PROBLEM TO SOLVE:
Everything in the records should be repeated exactly, down to the last character.
** Opening RECORDS FOR THIS TASK block **
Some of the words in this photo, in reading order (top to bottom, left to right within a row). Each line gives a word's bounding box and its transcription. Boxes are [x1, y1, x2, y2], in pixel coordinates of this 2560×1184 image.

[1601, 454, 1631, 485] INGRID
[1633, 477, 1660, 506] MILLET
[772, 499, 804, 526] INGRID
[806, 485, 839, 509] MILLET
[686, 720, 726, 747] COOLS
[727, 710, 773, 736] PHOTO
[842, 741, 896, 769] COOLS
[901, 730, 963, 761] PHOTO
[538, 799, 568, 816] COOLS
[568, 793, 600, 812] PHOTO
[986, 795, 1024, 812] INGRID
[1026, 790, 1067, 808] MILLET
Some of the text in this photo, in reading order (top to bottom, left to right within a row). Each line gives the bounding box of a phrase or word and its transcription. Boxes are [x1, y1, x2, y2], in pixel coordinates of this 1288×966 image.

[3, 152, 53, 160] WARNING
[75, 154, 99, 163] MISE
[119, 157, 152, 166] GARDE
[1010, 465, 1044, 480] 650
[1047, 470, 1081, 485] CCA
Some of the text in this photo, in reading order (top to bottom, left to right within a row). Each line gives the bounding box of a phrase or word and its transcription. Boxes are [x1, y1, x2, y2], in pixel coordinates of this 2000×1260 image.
** Closing RECORDS FOR THIS TASK block **
TASK ANSWER:
Some of the words in this photo, in reading order (top to bottom, left to right within a row). Each line gives a word's bounding box and its transcription. Boxes are [x1, y1, x2, y2], in pixel coordinates of this 2560×1184 image.

[1601, 454, 1631, 485] INGRID
[1633, 477, 1660, 506] MILLET
[772, 499, 804, 526] INGRID
[806, 485, 839, 509] MILLET
[686, 720, 726, 747] COOLS
[727, 710, 773, 736] PHOTO
[842, 741, 896, 769] COOLS
[901, 730, 963, 761] PHOTO
[538, 799, 568, 816] COOLS
[568, 793, 600, 812] PHOTO
[986, 795, 1024, 812] INGRID
[1026, 790, 1067, 808] MILLET
Some of the text in this photo, in reading order (top to bottom, left to right within a row). Each line gives the bounding box of a phrase or word and its transcription. Boxes are [x1, y1, x2, y2], in pixel coordinates of this 1288×966 image.

[3, 152, 53, 160] WARNING
[75, 154, 99, 163] MISE
[119, 157, 152, 166] GARDE
[1010, 465, 1044, 480] 650
[1047, 470, 1081, 485] CCA
Some of the text in this photo, in reading order (top to bottom, left to right within a row). Each line gives the bounding box of a phrase or word and its transcription. Boxes are [x1, y1, x2, y2], in pixel coordinates of this 2000×1260 image.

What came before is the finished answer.